Thursday, May 21, 2009

my new lover!


OMFG i love one tree hill! Chad Michel Murray is so HOTT!! omg i love him. i saw the one where he like died for a few seconds, and unconcious for i think two days. it was so sad, his mom was so sad. i almost cryed at some parts! she was talking about how she had prepared him for losing her, but she wasnt ready for losing him...so sad :( aaawww but when he woke up was so sweet. but it was with nathen...akward! lol


im so Fing bord! im glad that my movie is startin!!! i need some change! im in this loop of boring ness. mlahhh!

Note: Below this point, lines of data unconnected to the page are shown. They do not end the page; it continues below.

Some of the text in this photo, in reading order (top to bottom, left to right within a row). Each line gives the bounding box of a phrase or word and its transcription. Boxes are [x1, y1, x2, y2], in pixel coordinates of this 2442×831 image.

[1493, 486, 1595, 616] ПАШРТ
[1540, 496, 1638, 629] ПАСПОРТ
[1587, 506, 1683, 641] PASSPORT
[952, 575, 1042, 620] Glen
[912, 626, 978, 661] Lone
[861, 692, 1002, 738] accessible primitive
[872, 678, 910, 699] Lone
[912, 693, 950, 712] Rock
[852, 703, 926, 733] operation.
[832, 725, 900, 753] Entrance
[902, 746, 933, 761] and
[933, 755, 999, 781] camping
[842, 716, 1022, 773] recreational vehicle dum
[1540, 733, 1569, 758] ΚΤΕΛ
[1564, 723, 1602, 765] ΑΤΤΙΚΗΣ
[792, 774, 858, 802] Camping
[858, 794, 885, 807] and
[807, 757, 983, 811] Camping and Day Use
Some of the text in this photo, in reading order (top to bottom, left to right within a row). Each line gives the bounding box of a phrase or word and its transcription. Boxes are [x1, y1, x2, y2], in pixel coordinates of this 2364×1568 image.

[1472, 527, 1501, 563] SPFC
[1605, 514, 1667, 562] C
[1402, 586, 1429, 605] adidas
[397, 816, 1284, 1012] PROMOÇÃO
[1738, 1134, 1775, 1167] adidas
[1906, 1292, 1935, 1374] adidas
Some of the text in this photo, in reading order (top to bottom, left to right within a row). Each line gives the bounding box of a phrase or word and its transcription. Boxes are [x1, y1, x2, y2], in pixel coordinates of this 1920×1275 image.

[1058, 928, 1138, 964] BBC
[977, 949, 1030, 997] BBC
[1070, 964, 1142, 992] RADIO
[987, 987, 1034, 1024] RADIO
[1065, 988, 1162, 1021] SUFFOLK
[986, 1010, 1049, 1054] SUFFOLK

i dont feel like putting quotes on. too bord/lazy.

well im makin this a short one. a really really short one. and im most likely gonna ramble on bout OTH (One Tree Hill) BTW im so glad that Dan...tell u bout it later, tuned around. its nice to see that people can change, awww poor halie!

Sunday, May 17, 2009

At Fifteen

man its been a long time, sorry fokes! i've been...interupted, for lack of better words...anyway heres some more.


I explained my situation, and that I had less than an hour to get home. She told me that she would make an appointment with the supervisor tomorrow at four. That would give me an hour and a half to get there, and taking the buses, I would need it. I thanked the lady and called my mom telling her I would be few minuets late. She was mad I was going to be late, but glad I called.
When I got home Dillon had started a riot. He was crying so loud that most of the dogs in the neighborhood were barking like mad. He was so mad. I took him into my room, fed him, changed his diaper, and put him to sleep. I put him down and read to him. He liked Peter Rabbit the most. I don't know why. Maybe he was corrupted like his father, and liked to think about Peter getting his tail chopped off. I told my mom that I was going to see a lady about an apartment for me and Dillon tomorrow. She couldn't even look from the tv long enough to say, "Good job." those words had never come out of her mouth to me. She praised my sister with every little thing she did. I could never really understand why my mother treated her like taht, it was bad for her. But she was my mothers kid, I had my ow to worry about. i went to my room to study. usualy i just read over the notes i had taken that day, just so that i was sure to remember. I looked over at Dillon. I wondered how he would turn out? If he was going to be one of those really mature kids that you can't help but trust, or those ones you see on the criminal investigation shows that were the outcome of a rape, and turned into a rapper. I hoped he wouldn't. What was I going to tell him when he asked about his dad, and where or who he is. Am I to say “Oh I don't know, he raped me and left.” what will he think? I didn't want to think about that right now. I decided to distract my self with the pamflits that the lady at the relief center gave me. Reading through them made me see only helpless women and how helpless I felt right now. but I wasnt going to be like them, I wasnt going to be one of these women that you see that you know is going through a hard time. I put the pamflits down and turned off my light. I took one last look at dillion. He was going to get better. He deserved better.

Tuesday, April 21, 2009


omg! im gonna make that storie into a movie! kools. im in class. hahahaha. i hate this class. its so boring. and the boys laugh at the stupidist things. but then a gain they are boys. not many of them like me very much.
i want him to come up behind me
& wrap his arm s aroundmy waist,
to catch me off gard & wisper...
"'I Love You"

there wis not reallly much to talk about.
O! i went to my first high school dance! it was so much fun! there was this guy thou. he was really cute, but really really shy! i asked him to dance like three or four times. and i practicly gave him a frikin lap-dance! and he still sadi no. i ended up haveing to dance with my friend wesley! now if you know me and wes you know that we are best friends. but we could never date because we are really competitive. so we get mad/ irritated by each other.
Not even Make-up could make her beautiful...
because real beauty comes from loving yur self and
that was something she could never do

ya so other than that guy, it was fun. iall wes's friends were totaly hitting on me! and som of them were girls!!!!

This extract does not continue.